GO enrichment and KEGG pathway analysis. (A) BP. (B) CC. (C) MF. (D) KEGG pathway enrichment analysis. The size of the dots represents the number of genes, and the color indicates the -log10 (Q-value).

Fig. 4

Kaplan–Meier survival analysis. The impact of high and low expression of key genes BCL2 (A), PLK1 (B), ATM (C), HMOX1 (D), MAPK14 (E), and ABCB1 (F) on survival rates. The shaded areas represent the 95% confidence intervals, and the table at the bottom shows the number of patients at risk at each time point.

Fig. 5

Immune infiltration analysis. (A) Comparison of immune cell infiltration levels between tumor and normal tissues. (B) Correlation heatmap between key genes and immune cell infiltration. Colors indicate the strength and direction of correlations, with red representing positive correlations and blue representing negative correlations.

Fig. 6

Single-Cell RNA Sequencing Analysis. (A) t-SNE plot showing the clustering of different cell types. (B) Expression of cell markers in different cell types. (C) Expression distribution of PLK1 across different cell types. (D) Expression levels of key genes in different cell types.

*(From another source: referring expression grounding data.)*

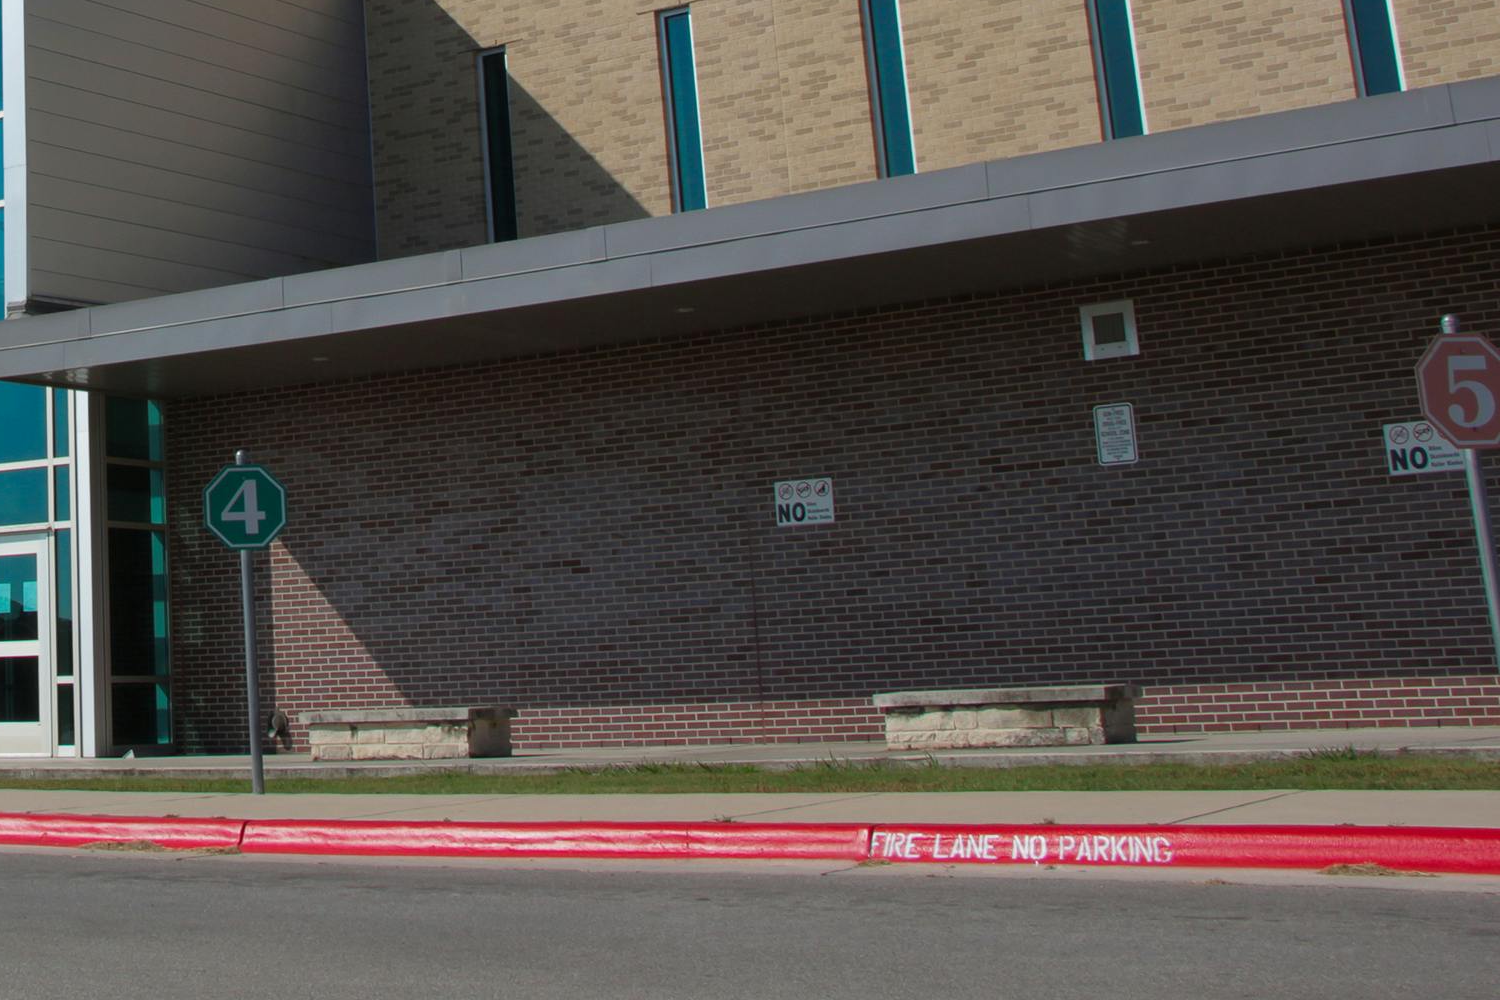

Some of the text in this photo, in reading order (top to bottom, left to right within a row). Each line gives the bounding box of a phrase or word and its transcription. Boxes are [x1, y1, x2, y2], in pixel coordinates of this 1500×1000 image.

[1447, 355, 1496, 429] 5
[1389, 446, 1429, 472] NO
[221, 479, 266, 534] 4
[777, 501, 806, 523] NO
[869, 831, 1174, 863] FIRE LANE NO PARKING
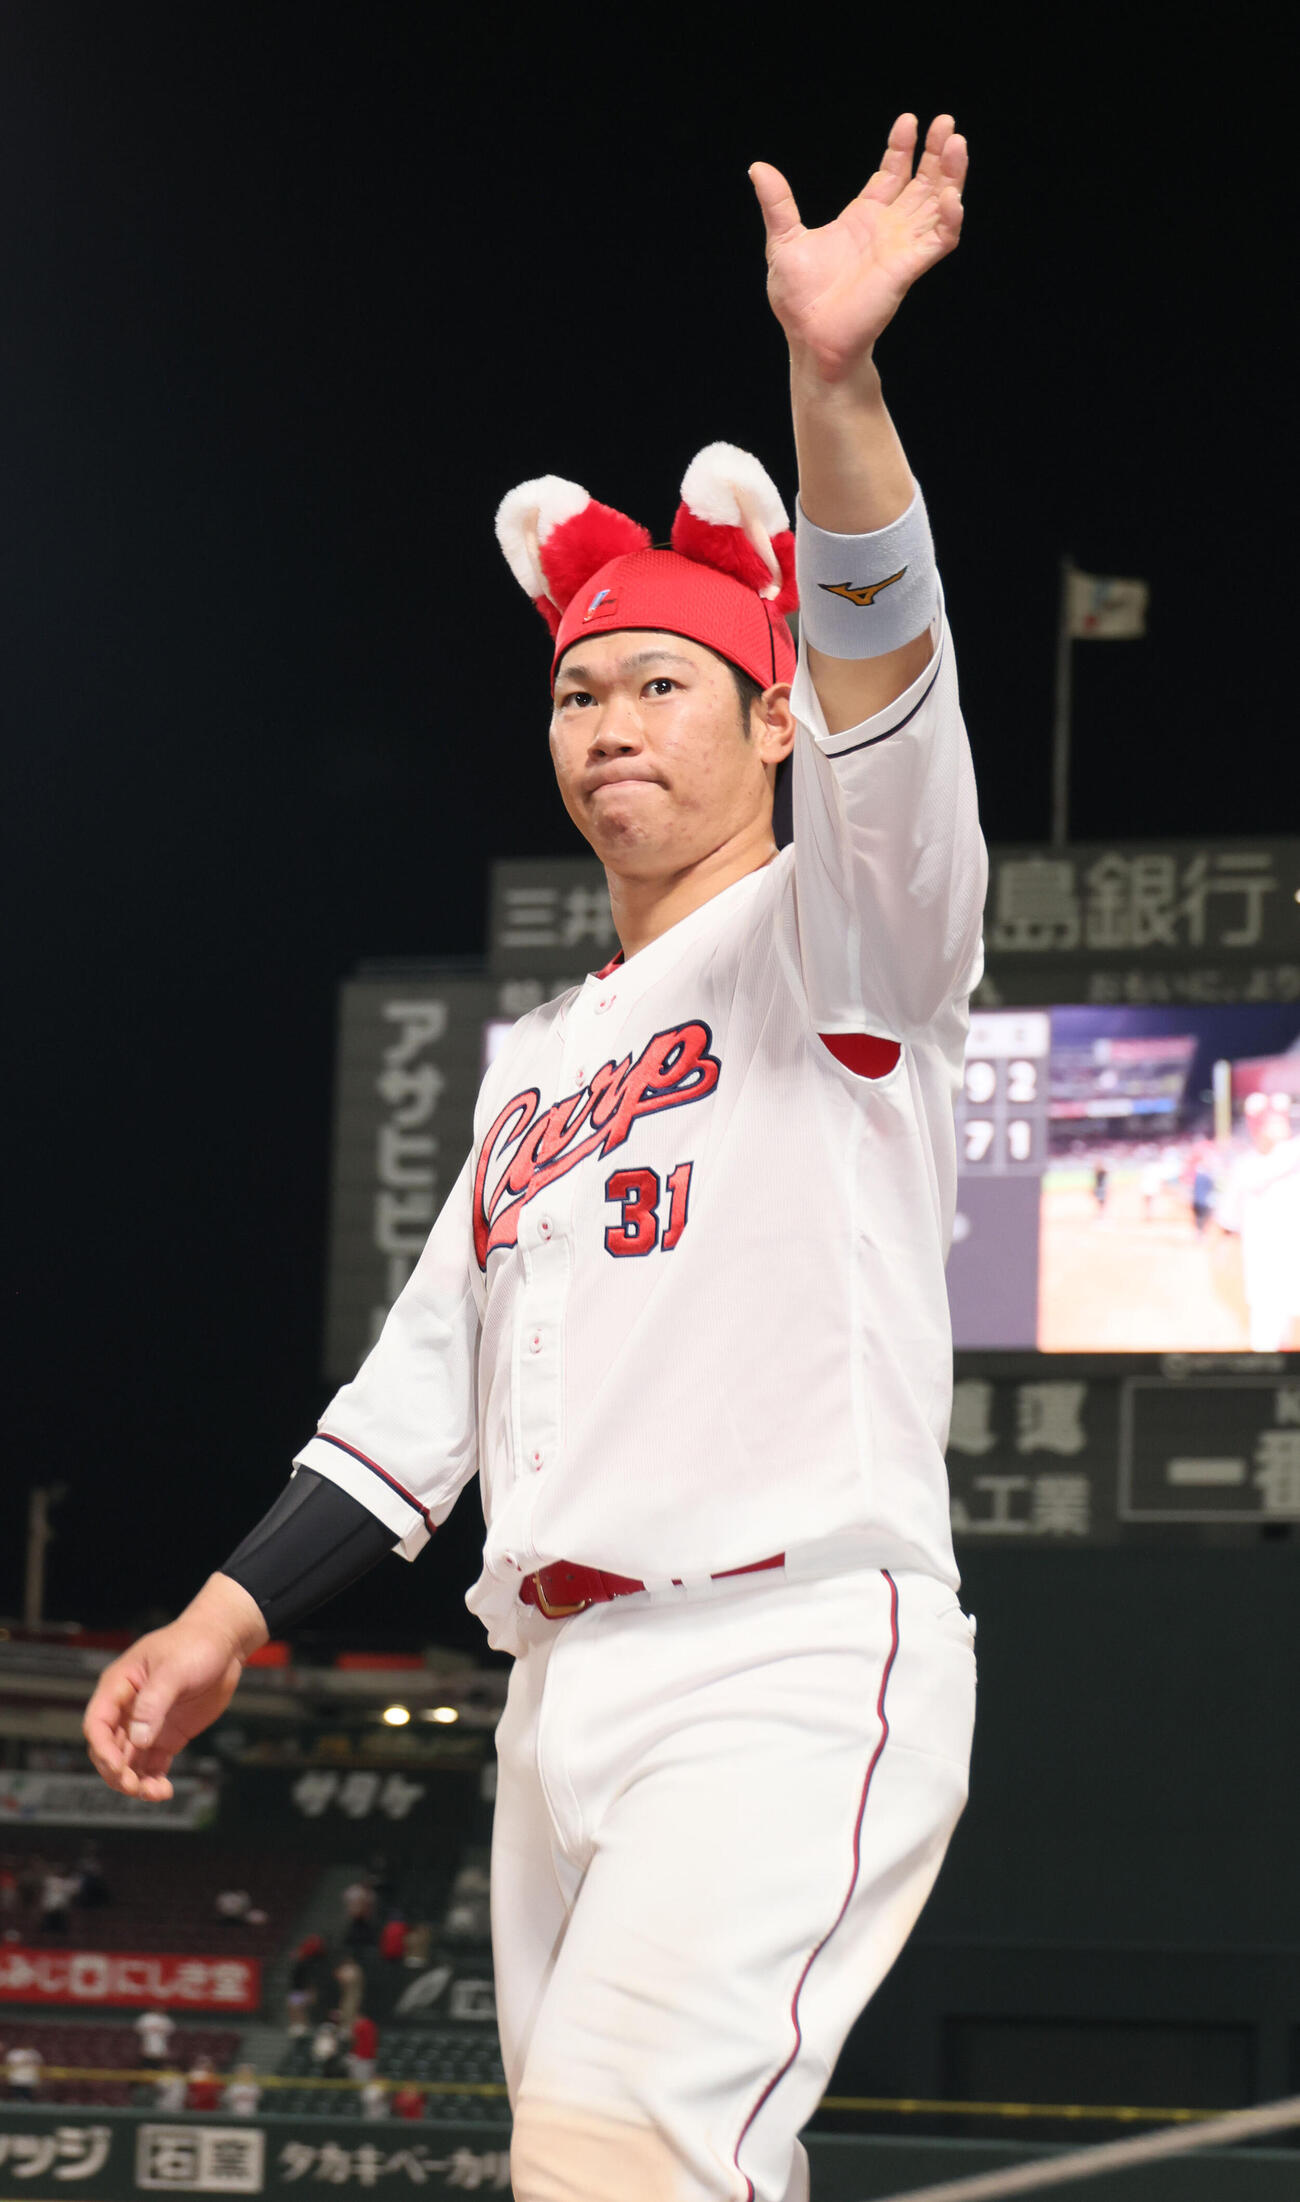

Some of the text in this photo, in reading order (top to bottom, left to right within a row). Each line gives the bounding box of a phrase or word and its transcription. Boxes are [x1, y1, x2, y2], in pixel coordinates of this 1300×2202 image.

[472, 1018, 723, 1273] Carp
[603, 1160, 695, 1258] 31
[0, 2125, 112, 2181] ッジ

The size of the dots represents the percentage of cells expressing the gene, and the color indicates the average expression level.

Fig. 7

Molecular docking results showing the binding modes of four compounds with four key gene proteins. (A) Docking model of ABCB1 with Gallic acid. (B) Docking model of BCL2 with Nobiletin. (C) Docking model of MAPK14 with Berberine. (D) Docking model of PLK1 with Matairesinol.

Fig. 8

Molecular dynamics simulation results demonstrating the stability and conformational changes of ligand–protein complexes over a 100 ns simulation. (A) RMSD curve showing the stability of the Berberine-MAPK14 complex. (B) RMSD curve showing the stability of the Matairesinol-PLK1 complex. (C) RMSF curve for the Berberine-MAPK14 complex. (D) RMSF curve for the Matairesinol-PLK1 complex. (E) Number of hydrogen bonds in the Berberine-MAPK14 complex. (F) Number of hydrogen bonds in the Matairesinol-PLK1 complex.

Fig. 9

Rg and SASA Analysis. (A) Changes in Rg of the Berberine-MAPK14 complex. (B) Changes in Rg of the Matairesinol-PLK1 complex. (C) Changes in SASA of the Berberine-MAPK14 complex. (D) Changes in SASA of the Matairesinol-PLK1 complex.